### Problem to work on
Wherever a line in the data holds the word "belle", pull that line out.

::::::

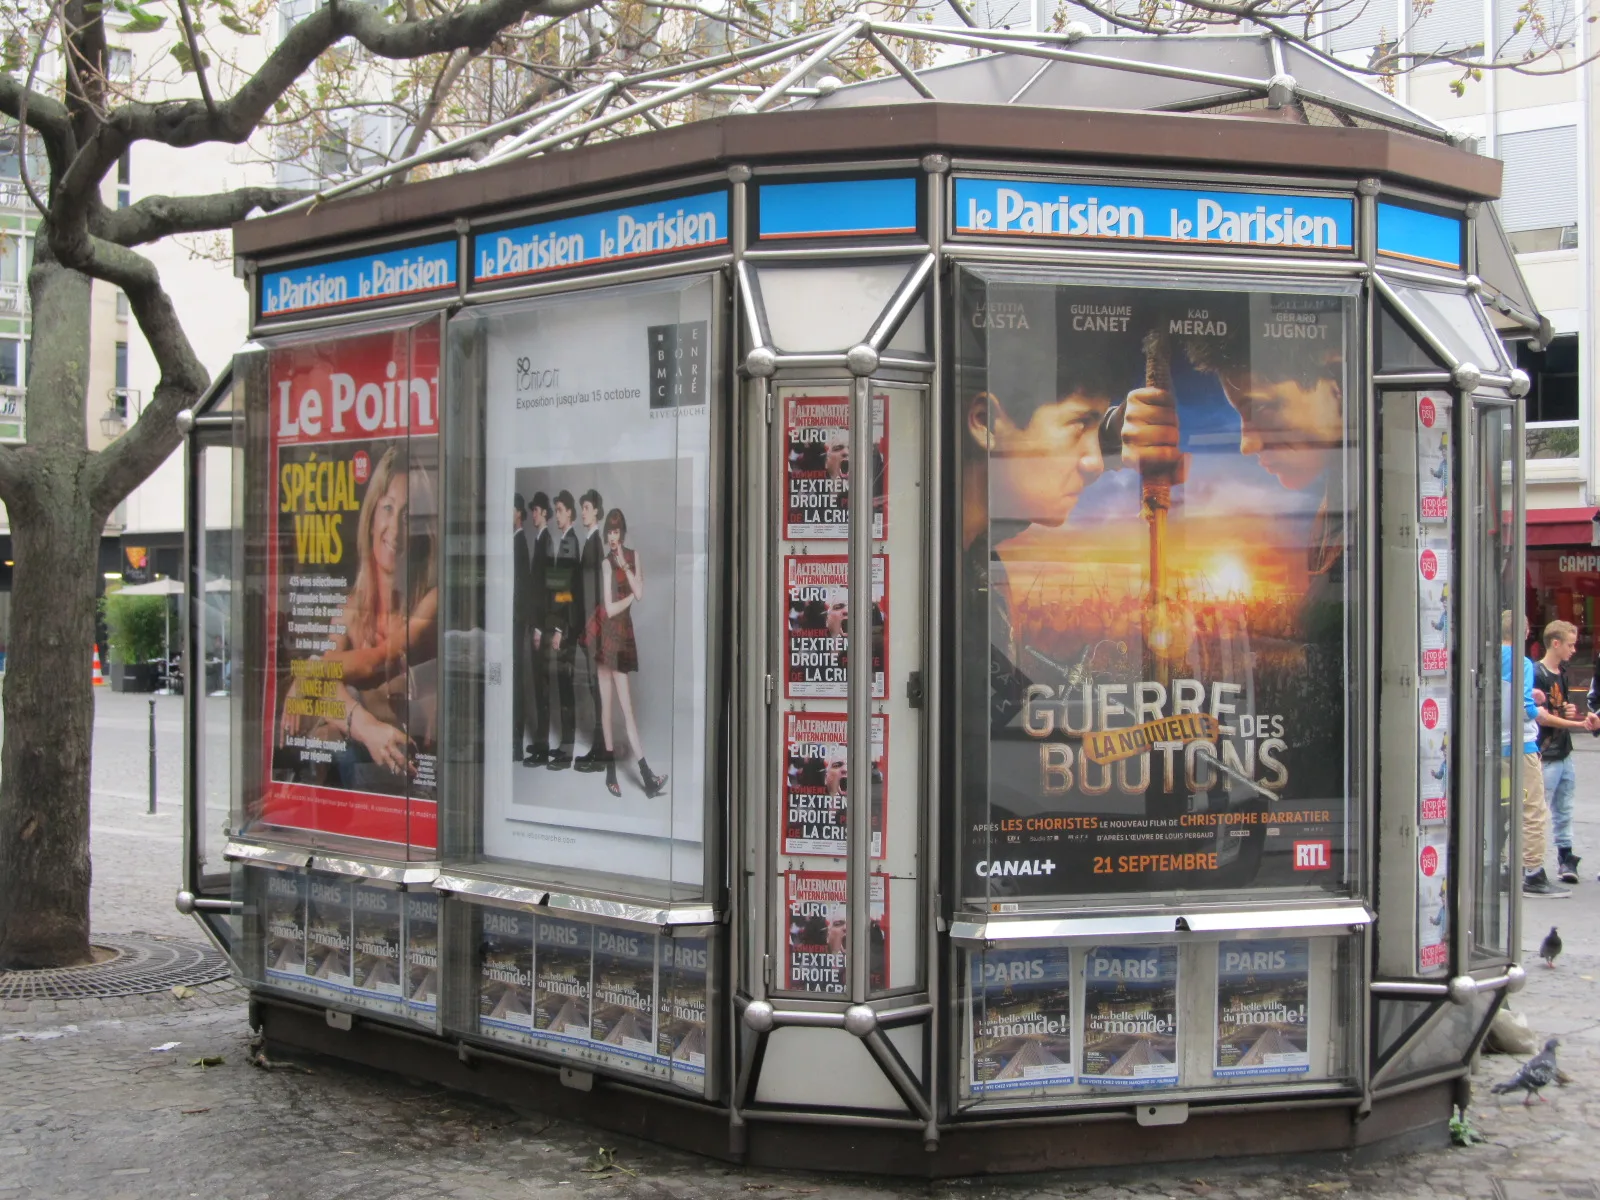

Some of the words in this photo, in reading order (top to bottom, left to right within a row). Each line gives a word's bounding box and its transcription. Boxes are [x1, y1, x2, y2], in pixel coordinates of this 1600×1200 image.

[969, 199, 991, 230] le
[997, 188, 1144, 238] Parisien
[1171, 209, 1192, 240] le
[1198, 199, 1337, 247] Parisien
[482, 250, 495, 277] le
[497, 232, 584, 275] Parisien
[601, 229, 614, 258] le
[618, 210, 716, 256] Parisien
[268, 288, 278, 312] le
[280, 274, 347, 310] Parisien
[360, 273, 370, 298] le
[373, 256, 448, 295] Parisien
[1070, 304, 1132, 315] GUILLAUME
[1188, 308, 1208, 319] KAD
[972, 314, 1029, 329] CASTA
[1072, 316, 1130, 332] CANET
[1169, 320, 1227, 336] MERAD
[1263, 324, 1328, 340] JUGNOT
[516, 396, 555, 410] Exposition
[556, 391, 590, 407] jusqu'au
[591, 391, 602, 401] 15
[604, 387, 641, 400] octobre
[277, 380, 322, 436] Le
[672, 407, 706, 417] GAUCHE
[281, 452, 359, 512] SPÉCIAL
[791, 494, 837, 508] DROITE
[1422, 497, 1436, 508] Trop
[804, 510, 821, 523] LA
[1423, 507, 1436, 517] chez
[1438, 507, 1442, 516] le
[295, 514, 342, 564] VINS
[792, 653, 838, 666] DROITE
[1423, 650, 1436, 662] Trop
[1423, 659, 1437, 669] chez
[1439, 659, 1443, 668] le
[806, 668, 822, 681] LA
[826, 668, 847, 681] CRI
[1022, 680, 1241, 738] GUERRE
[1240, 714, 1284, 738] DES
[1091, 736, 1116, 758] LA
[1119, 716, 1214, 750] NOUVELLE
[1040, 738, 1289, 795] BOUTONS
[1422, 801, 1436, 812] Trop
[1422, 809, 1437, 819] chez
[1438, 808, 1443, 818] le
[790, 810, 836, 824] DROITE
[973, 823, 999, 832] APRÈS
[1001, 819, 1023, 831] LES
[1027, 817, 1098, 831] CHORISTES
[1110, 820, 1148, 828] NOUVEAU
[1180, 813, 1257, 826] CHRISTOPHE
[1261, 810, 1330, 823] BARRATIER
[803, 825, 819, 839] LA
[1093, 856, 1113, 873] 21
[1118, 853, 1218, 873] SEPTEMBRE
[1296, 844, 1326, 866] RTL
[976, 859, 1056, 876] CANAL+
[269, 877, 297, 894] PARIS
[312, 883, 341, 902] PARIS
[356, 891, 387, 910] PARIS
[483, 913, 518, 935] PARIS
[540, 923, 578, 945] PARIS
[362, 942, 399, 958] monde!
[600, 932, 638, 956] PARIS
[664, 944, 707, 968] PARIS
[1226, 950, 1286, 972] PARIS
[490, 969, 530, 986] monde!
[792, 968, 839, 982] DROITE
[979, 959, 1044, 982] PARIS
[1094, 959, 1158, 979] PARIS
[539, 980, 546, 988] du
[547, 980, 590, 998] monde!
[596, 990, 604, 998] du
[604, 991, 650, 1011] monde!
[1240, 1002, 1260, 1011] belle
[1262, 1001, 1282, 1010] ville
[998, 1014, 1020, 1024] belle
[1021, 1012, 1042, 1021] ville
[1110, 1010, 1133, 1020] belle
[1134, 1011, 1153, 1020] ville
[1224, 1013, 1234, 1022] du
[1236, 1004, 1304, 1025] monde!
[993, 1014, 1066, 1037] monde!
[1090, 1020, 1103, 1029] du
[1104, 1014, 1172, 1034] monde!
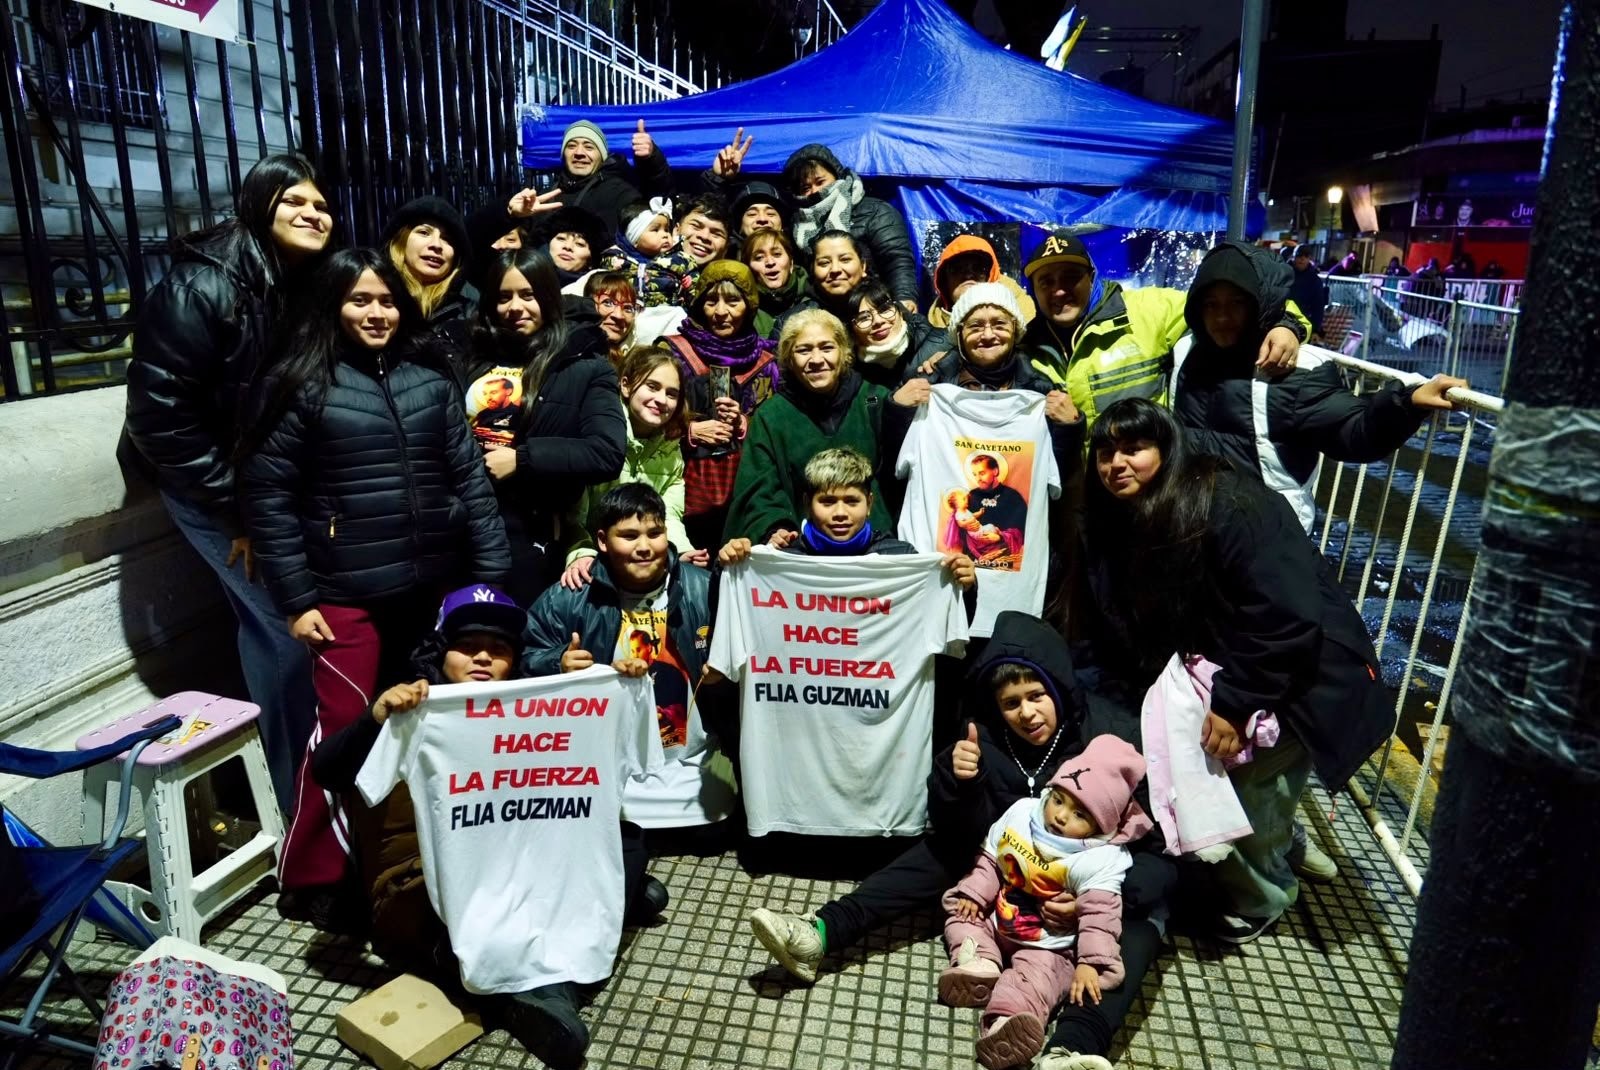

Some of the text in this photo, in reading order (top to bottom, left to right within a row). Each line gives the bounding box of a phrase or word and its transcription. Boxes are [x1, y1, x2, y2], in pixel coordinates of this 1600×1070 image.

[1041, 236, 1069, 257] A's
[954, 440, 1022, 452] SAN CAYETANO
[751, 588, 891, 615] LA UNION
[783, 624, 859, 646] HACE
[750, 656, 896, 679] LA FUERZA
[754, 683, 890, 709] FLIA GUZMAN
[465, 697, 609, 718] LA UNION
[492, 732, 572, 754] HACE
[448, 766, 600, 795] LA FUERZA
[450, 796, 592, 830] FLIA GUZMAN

::::::

### Written solution
[1240, 1002, 1260, 1011] belle
[998, 1014, 1020, 1024] belle
[1110, 1010, 1133, 1020] belle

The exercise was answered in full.